Task instructions: Every line from the one bearing "Some of the words" through the last line of the entries should be printed exactly, with no other output.

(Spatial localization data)
..............................
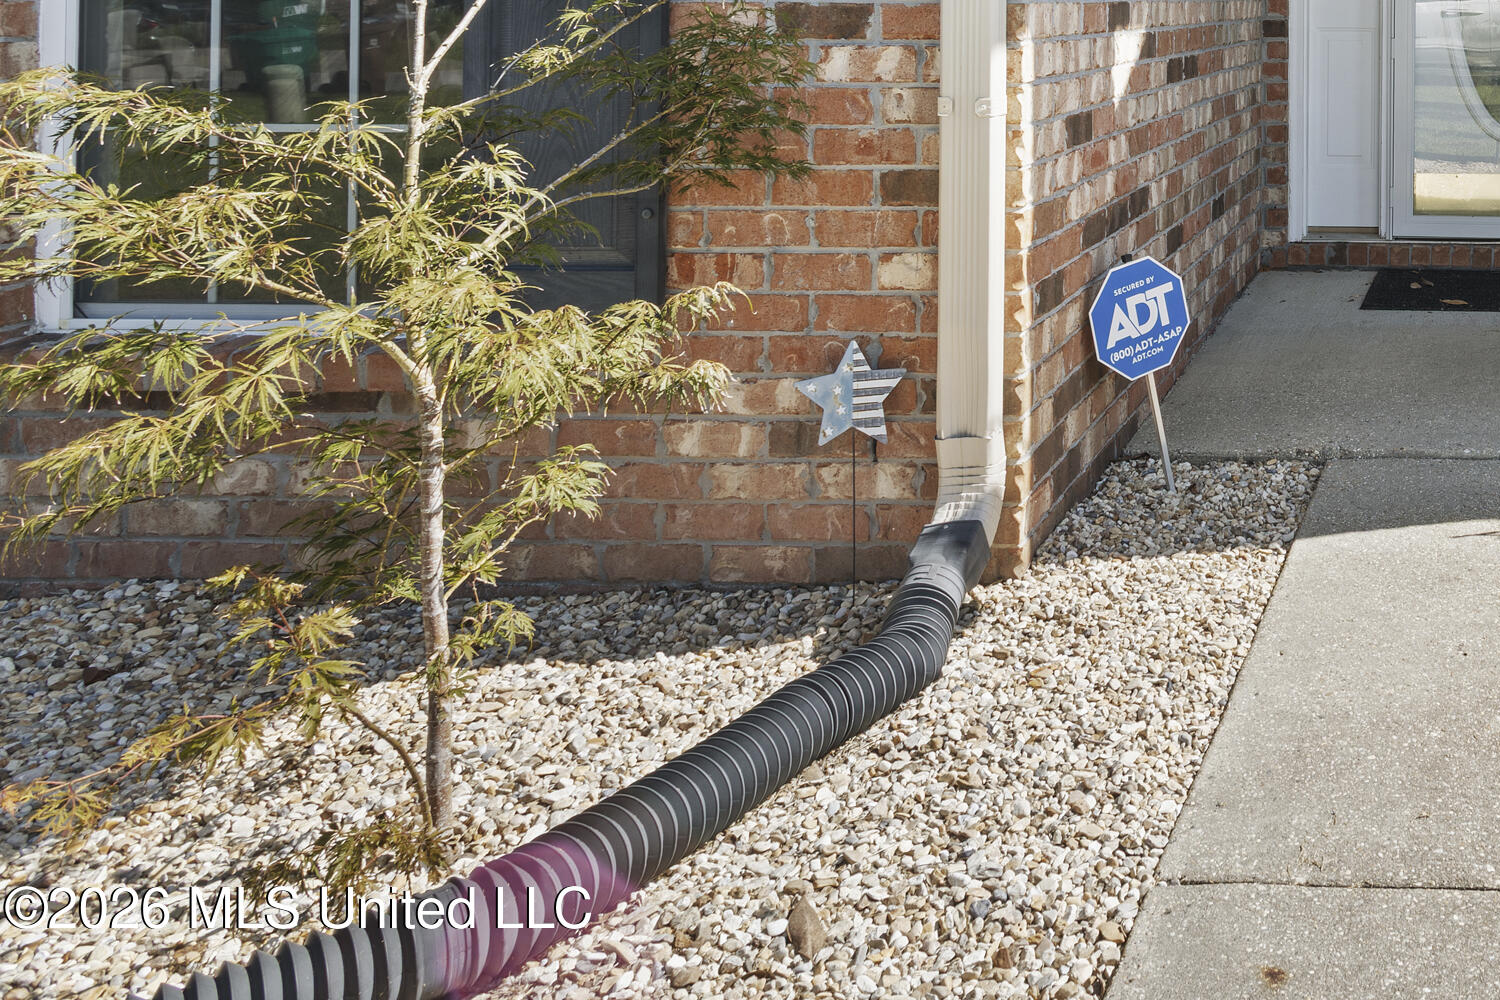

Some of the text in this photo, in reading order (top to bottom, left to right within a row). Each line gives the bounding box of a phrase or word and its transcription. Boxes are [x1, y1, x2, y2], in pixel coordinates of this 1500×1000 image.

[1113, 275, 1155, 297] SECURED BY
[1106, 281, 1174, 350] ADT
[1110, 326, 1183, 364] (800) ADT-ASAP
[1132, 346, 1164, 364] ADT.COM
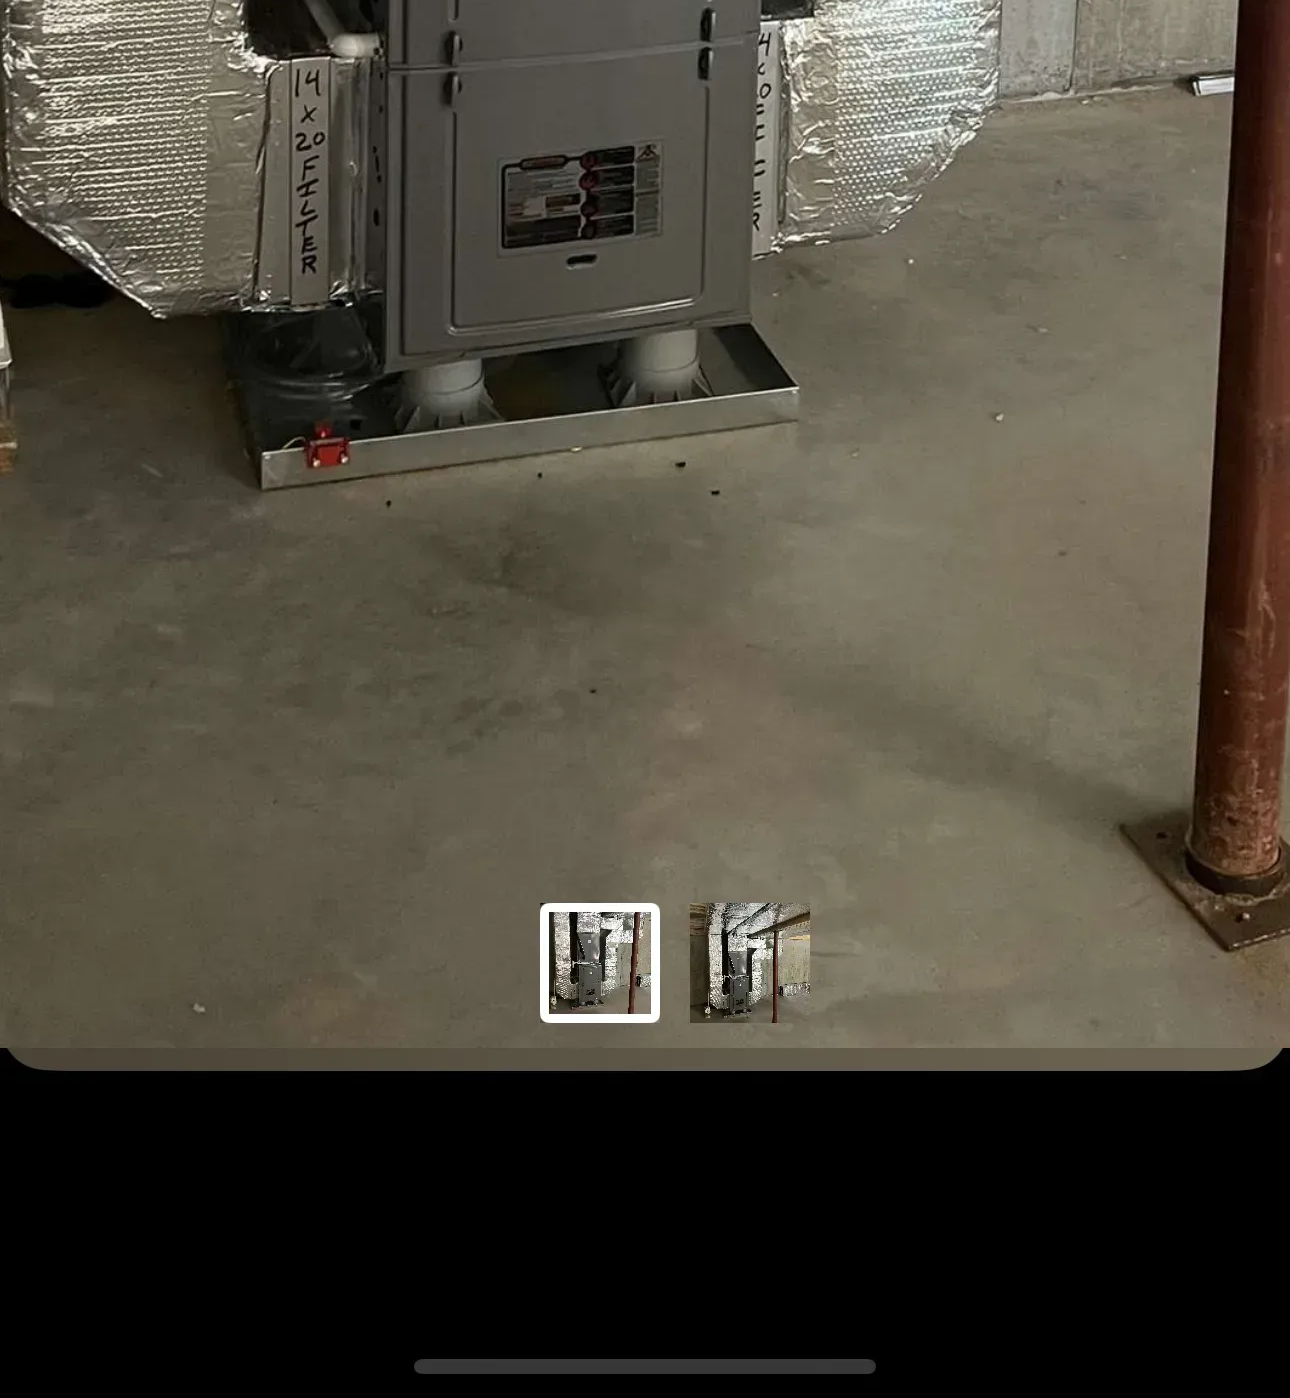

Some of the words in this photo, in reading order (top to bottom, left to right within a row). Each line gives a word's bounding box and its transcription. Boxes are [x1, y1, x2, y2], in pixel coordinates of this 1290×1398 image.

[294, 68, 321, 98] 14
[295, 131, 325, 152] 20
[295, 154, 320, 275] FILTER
..............................
Task response:
Some of the words in this photo, in reading order (top to bottom, left to right within a row). Each line gives a word's bounding box and its transcription. Boxes are [x1, y1, x2, y2], in pixel coordinates of this 1290×1398 image.

[294, 68, 321, 98] 14
[295, 131, 325, 152] 20
[295, 154, 320, 275] FILTER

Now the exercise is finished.